What Meta’s New Subscription Strategy Is
Meta’s new subscription strategy is a set of optional paid plans across Facebook, Instagram and WhatsApp that add extra tools, customisation and AI features while keeping the core apps free to use. These Meta subscription plans are meant to sit on top of the existing ad-supported experience rather than replace it. Meta is testing “Plus” tiers for everyday users alongside creator, business and Meta One AI subscription options, signalling that subscriptions are becoming part of its main monetisation model. This marks a shift from subscriptions being tied mainly to verification badges toward a broader portfolio of paid features for expression, engagement and messaging. The move also lets Meta collect more direct payments from the same users who already power its advertising engine, turning subscriptions into a second revenue line instead of an experimental add‑on.

Inside Instagram Plus and Facebook Plus
Instagram Plus and Facebook Plus are priced at USD 3.99 (approx. RM19) per month and focus on social expression, reach and audience insight. Instagram Plus leans into creator needs with Story rewatch analytics, extended Story duration beyond 24 hours and spotlight tools that can increase reach. Subscribers gain searchable Story viewers, the ability to post directly to profiles without appearing in followers’ feeds, and extra profile customisation through fonts, app icons and additional profile pins. Facebook Plus mirrors many Instagram paid tiers but is tailored for managing public pages and communities, with super reactions, audience insights and other engagement tools. These offerings sit alongside Meta Verified rather than replacing it, meaning users can stack verification and Plus features if they value both stronger presence and richer analytics. Together, they redefine what users might expect from Instagram and Facebook subscription cost and value.

WhatsApp Plus and a More Personal Messaging Experience
WhatsApp Plus brings subscriptions to messaging, with a plan priced at USD 2.99 (approx. RM14) per month that focuses on personalisation instead of reach or creator tools. Meta is testing features such as custom chat themes, personalised ringtones, extra pinned chats, premium stickers and more flexible list customisation.
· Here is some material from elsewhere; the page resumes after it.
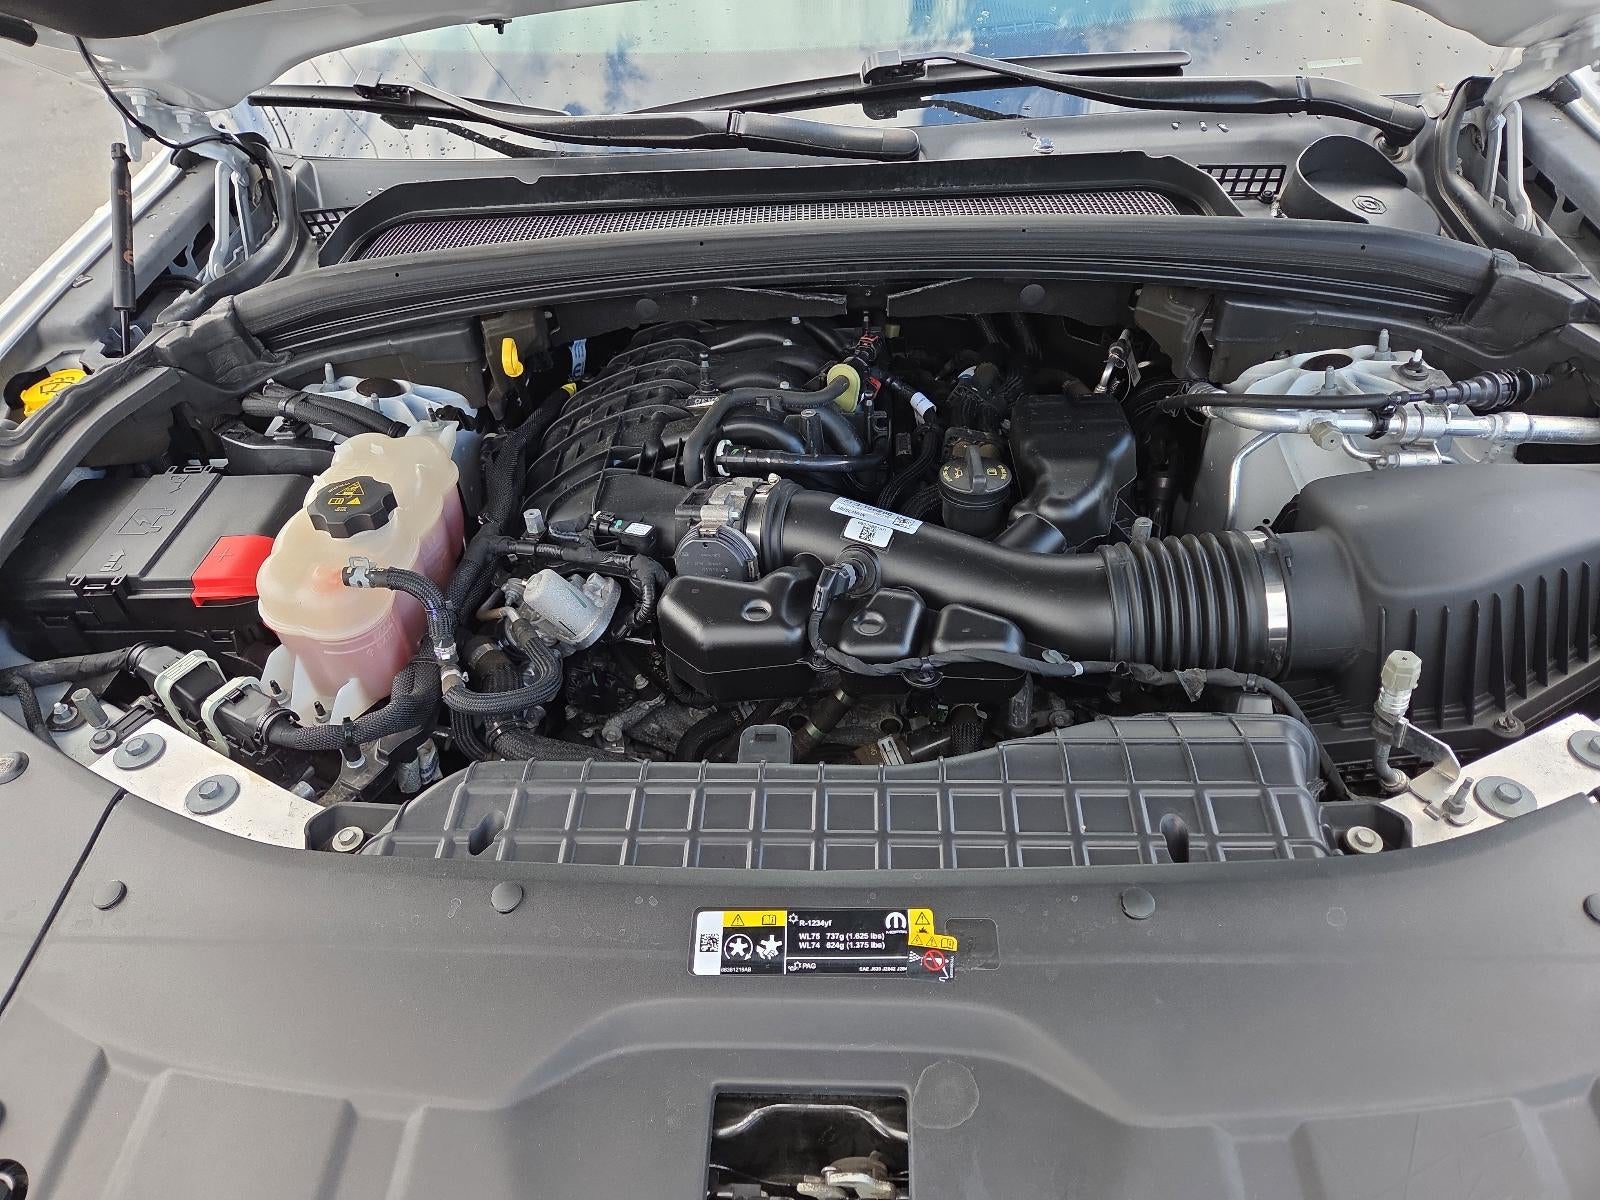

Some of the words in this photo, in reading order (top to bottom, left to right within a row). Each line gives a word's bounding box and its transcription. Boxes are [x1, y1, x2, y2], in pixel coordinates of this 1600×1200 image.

The idea is to turn WhatsApp into a more tailored communication hub for people who live in their chat lists all day. While the standard WhatsApp experience remains free, WhatsApp Plus offers a paid route for users who care about fine-grained control over how their inbox looks, sounds and stays organised. For Meta, this adds another pillar to its Meta subscription plans, extending beyond social feeds into private messaging, and gives it another way to earn direct revenue from a service that has long been free and ad-light.
Meta One: AI Subscriptions as the Next Layer
On top of Plus tiers, Meta is piloting Meta One AI subscription plans that bundle higher-end AI tools into paid offerings. The tests cover Meta One Plus at USD 7.99 (approx. RM37) per month and Meta One Premium at USD 19.99 (approx. RM92) per month, aimed at Meta AI users who need more compute capacity and advanced features. According to Naomi Gleit, Meta’s head of product, these plans will gain more capabilities over time as the company refines its AI services. Meta One branding signals that AI subscriptions are not separate experiments but part of the same broader strategy as Instagram paid tiers and Facebook Plus. For users, this means a clearer ladder from free AI features to power‑user options. For Meta, it builds a bridge between social subscriptions and AI, creating a unified paid ecosystem across its apps.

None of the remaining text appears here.